Este excepcional historiador nos ofrece algunos antecedentes de los vínculos que confluyeron entre la patrona de Extremadura y la veneración de Tonantzin en el Tepeyac, un testimonio del encuentro creativo entre los españoles y los pueblos indígenas.
Como en otras muchas cosas, en la veneración a la Virgen de Guadalupe de México convergieron, desde un principio, antecedentes indígenas prehispánicos y otros procedentes de España, sobre todo de Extremadura. Ambos guardan estrecha relación con dos concepciones muy distintas del tiempo y espacio sagrado.
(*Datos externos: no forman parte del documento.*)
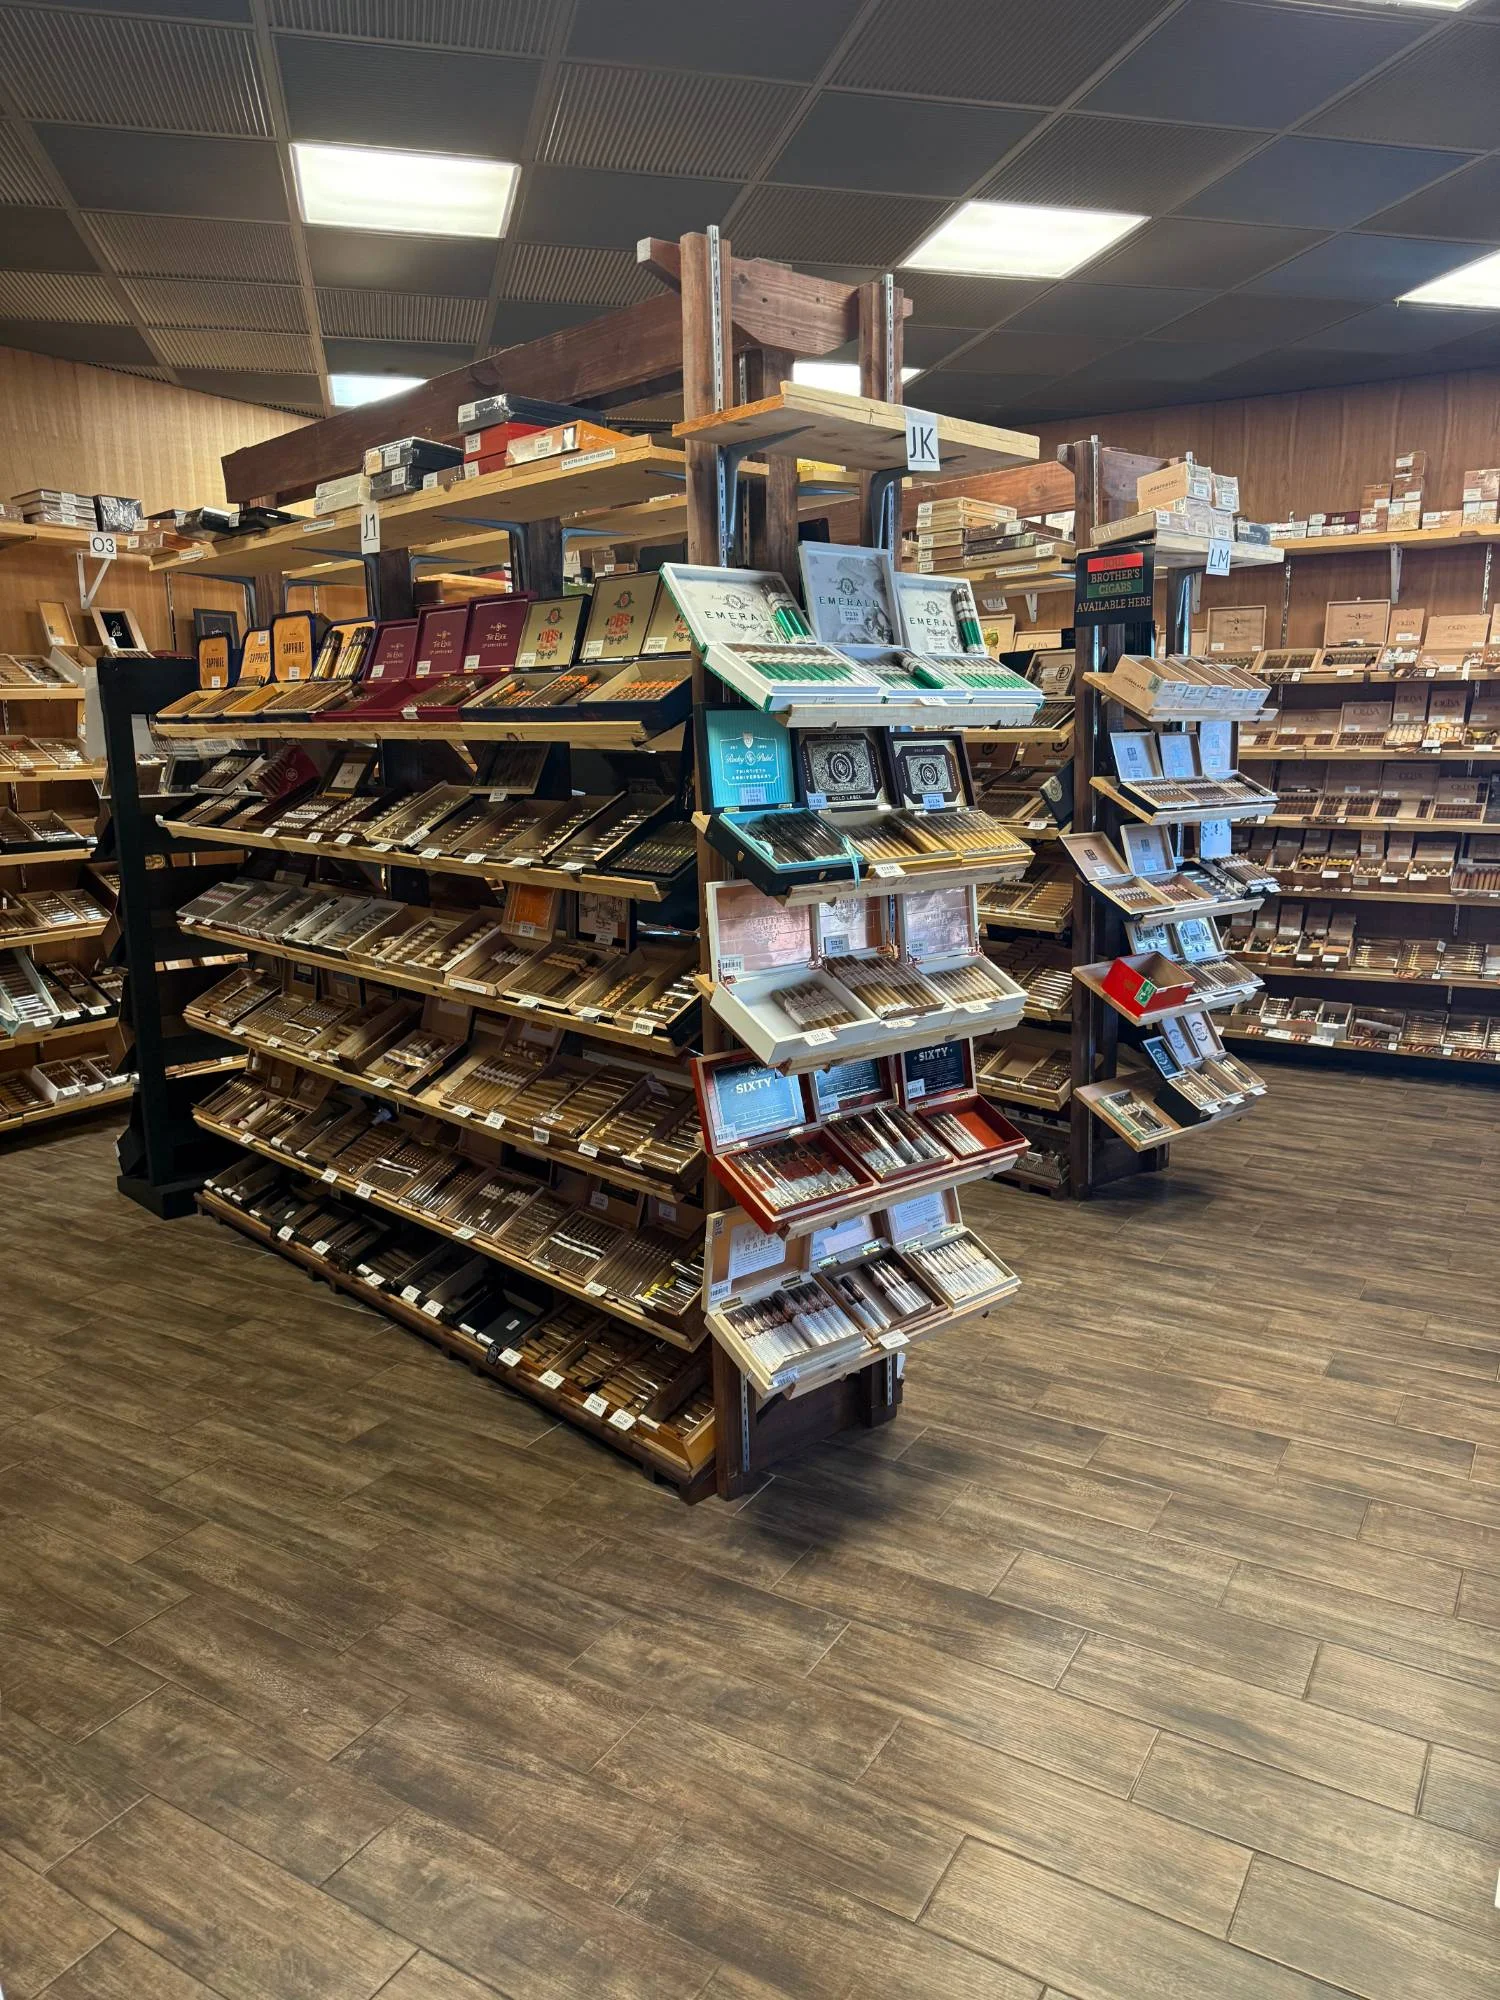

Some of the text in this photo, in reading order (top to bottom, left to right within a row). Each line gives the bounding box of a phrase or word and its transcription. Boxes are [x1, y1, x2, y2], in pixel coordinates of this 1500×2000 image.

En el caso de los antecedentes extremeños, sobresale el nombre de Guadalupe, que es el de una imagen muy venerada en el pueblo de ese nombre, provincia de Cáceres. También se encuentra el hecho de que había no pocos extremeños entre los conquistadores que la tenían como patrona y le concedían culto muy especial. Si bien se trata de una Virgen de bulto con atavíos frecuentes en otras imágenes españolas de la Virgen María, en el coro del mismo santuario de Nuestra Señora de Guadalupe, hay otra escultura que ostenta rasgos muy semejantes a los de la imagen pintada que existe en México. Estudiosos de la historia del arte se han ocupado de mostrar tales semejanzas. Otro elemento es el de origen del culto. De modo parecido a otras mariofanías (relatos sobre apariciones de la Virgen María), también la de Guadalupe de Extremadura, según se refiere, se originó con la participación de una persona humilde a la que la Virgen manifestó su deseo de ser venerada en ese sitio, desde el cual favorecía con toda suerte de mercedes a sus fieles. Ese lugar, centro de peregrinaciones, se convirtió en un espacio sagrado a partir de que la Virgen extremeña comenzó a ser adorada.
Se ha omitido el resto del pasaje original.